• [INPUT MATERIAL]:
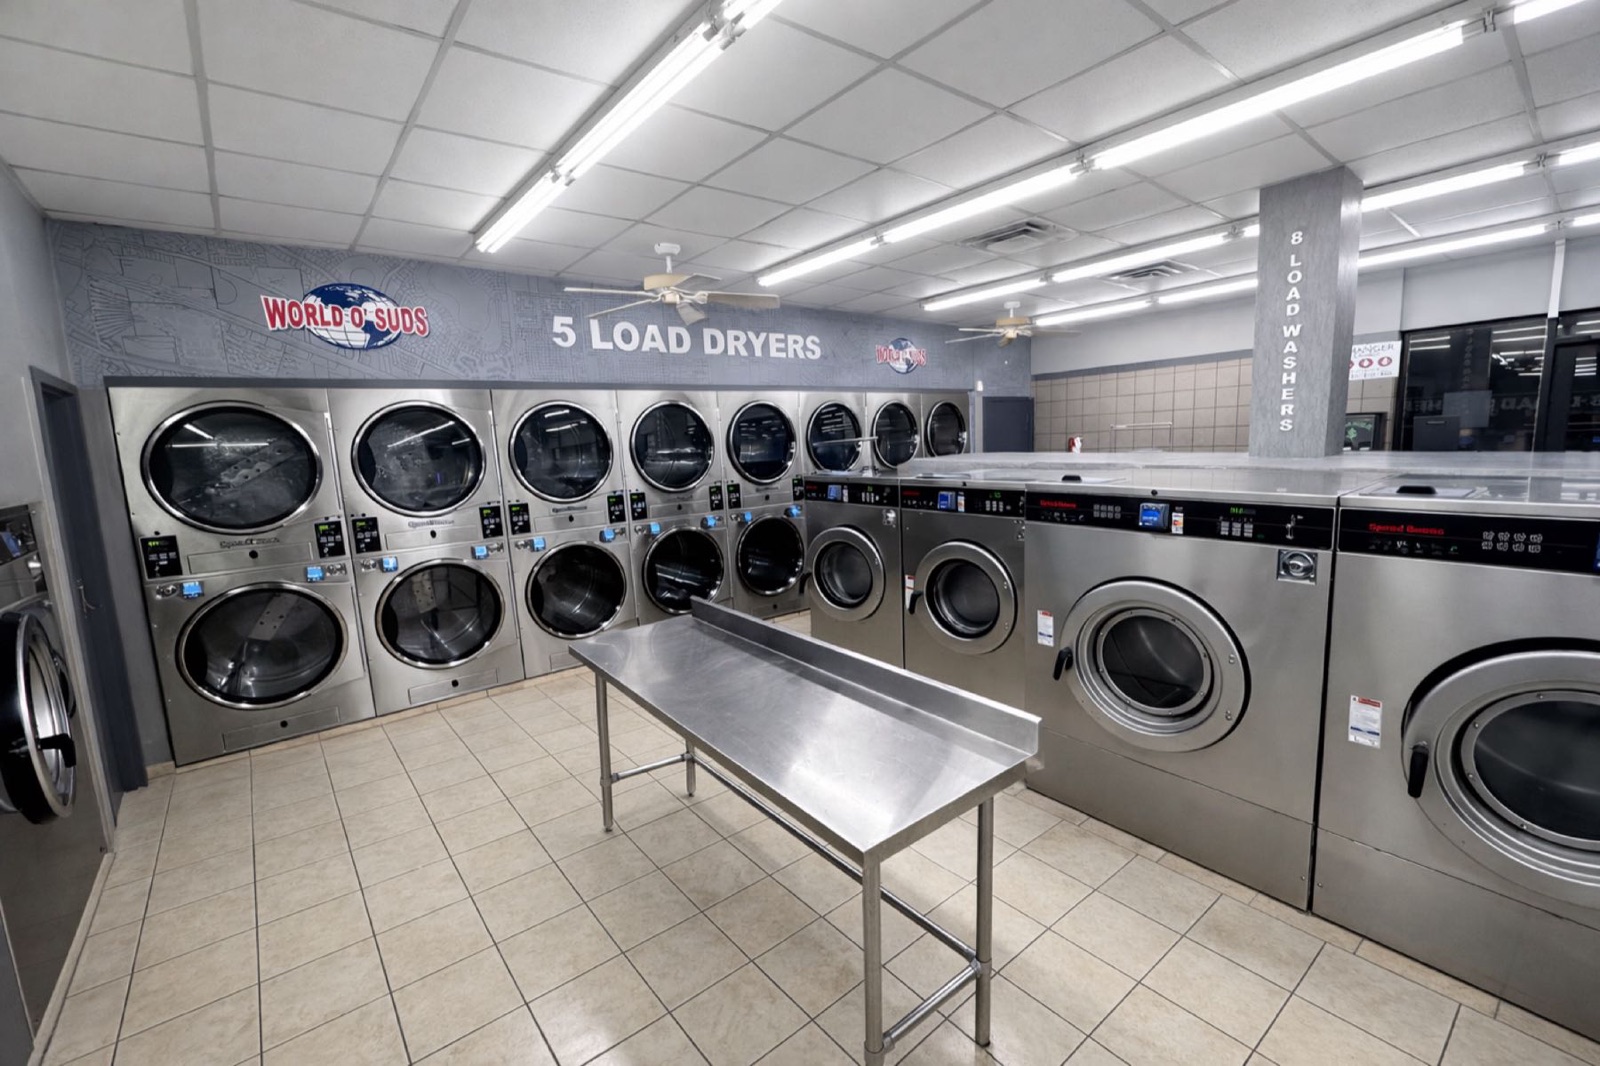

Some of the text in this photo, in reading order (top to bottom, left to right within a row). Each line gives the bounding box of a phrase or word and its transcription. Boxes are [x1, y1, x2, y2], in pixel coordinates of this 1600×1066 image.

[262, 296, 344, 329] WORLD
[374, 306, 429, 336] SUDS
[552, 315, 822, 360] 5 LOAD DRYERS
[1279, 230, 1303, 432] 8 LOAD WASHERS
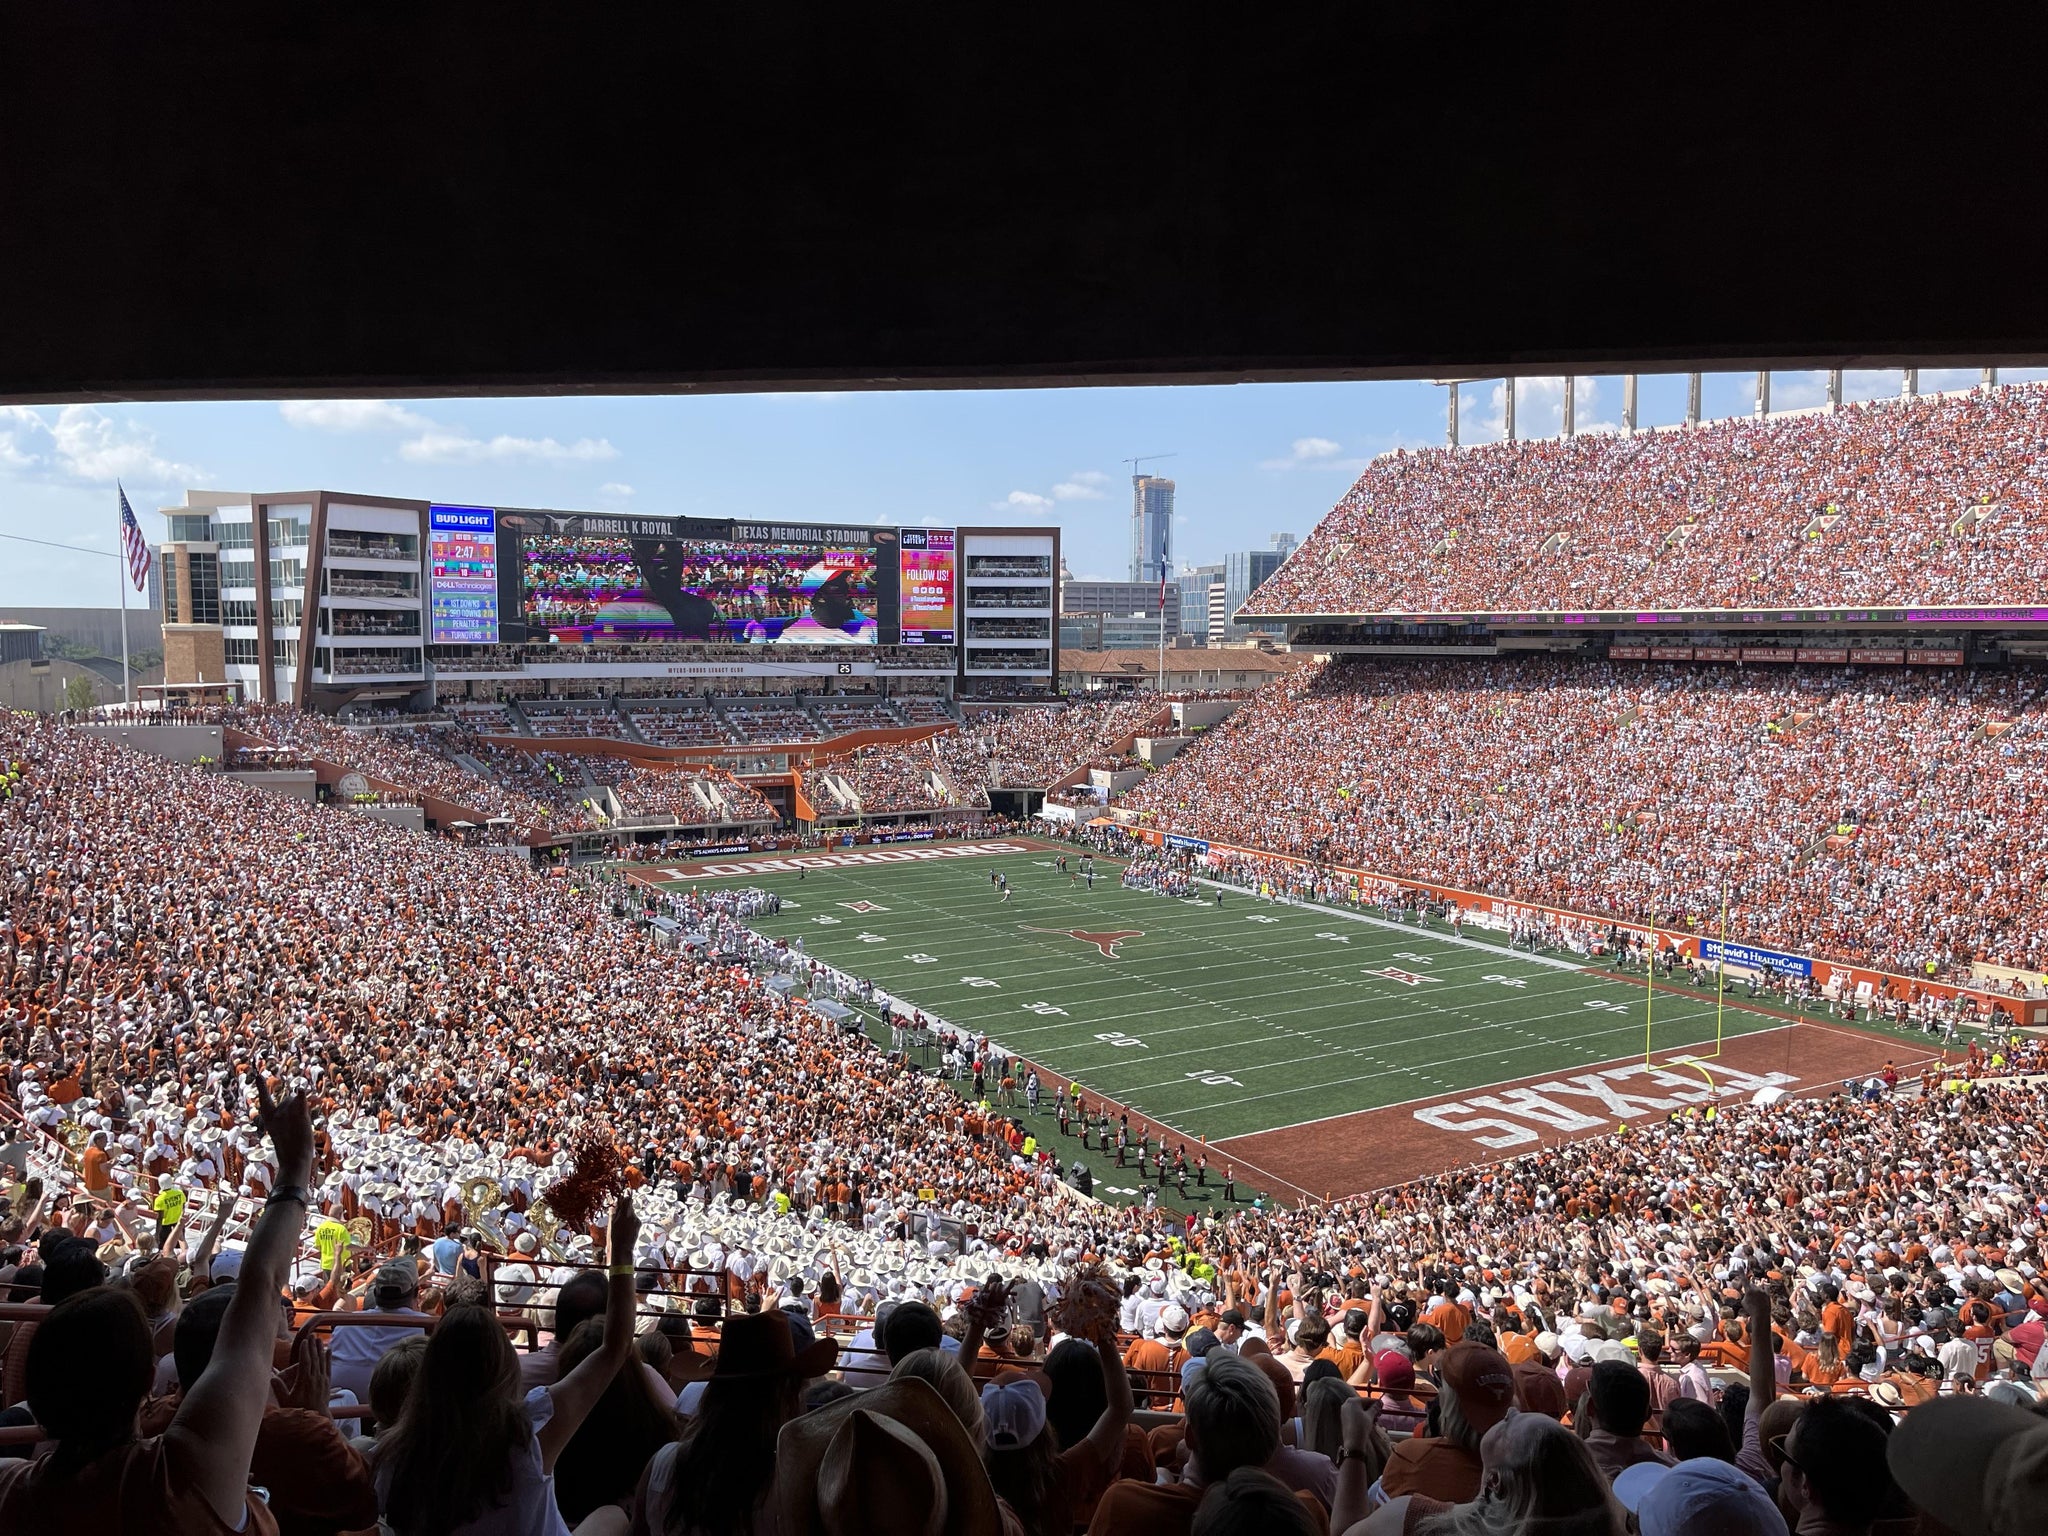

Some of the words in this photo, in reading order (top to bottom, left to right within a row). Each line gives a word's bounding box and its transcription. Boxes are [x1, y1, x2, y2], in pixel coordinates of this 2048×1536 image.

• [REQUIREMENT]:
Your answer must be an exact repeat of the records above, with the pictures left out.

• [RESPONSE TO THIS EXERCISE]:
Some of the text in this photo, in reading order (top to bottom, left to right within a row). Each line gives the bounding box of a phrase or word and its transcription. Boxes are [x1, y1, x2, y2], in pixel coordinates of this 1600×1066 image.

[262, 296, 344, 329] WORLD
[374, 306, 429, 336] SUDS
[552, 315, 822, 360] 5 LOAD DRYERS
[1279, 230, 1303, 432] 8 LOAD WASHERS

Some of the words in this photo, in reading order (top to bottom, left to right within a row). Each line gives a word's bounding box and its transcription. Boxes are [x1, y1, x2, y2], in pixel coordinates of this 2048×1536 image.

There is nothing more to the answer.